◆ Exercise prompt: Your task is to copy every record exactly.

◆ Dataset extract:
== == ==

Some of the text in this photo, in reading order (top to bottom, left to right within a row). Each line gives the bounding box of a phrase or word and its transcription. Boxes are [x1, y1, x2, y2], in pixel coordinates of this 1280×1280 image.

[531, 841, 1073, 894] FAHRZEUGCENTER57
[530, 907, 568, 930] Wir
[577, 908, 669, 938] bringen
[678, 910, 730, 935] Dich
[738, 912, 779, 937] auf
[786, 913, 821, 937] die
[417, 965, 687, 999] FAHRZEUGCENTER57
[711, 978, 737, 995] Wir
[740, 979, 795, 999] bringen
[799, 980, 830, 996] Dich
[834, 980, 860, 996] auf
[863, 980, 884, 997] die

== == ==

◆ Your response:
Some of the text in this photo, in reading order (top to bottom, left to right within a row). Each line gives the bounding box of a phrase or word and its transcription. Boxes are [x1, y1, x2, y2], in pixel coordinates of this 1280×1280 image.

[531, 841, 1073, 894] FAHRZEUGCENTER57
[530, 907, 568, 930] Wir
[577, 908, 669, 938] bringen
[678, 910, 730, 935] Dich
[738, 912, 779, 937] auf
[786, 913, 821, 937] die
[417, 965, 687, 999] FAHRZEUGCENTER57
[711, 978, 737, 995] Wir
[740, 979, 795, 999] bringen
[799, 980, 830, 996] Dich
[834, 980, 860, 996] auf
[863, 980, 884, 997] die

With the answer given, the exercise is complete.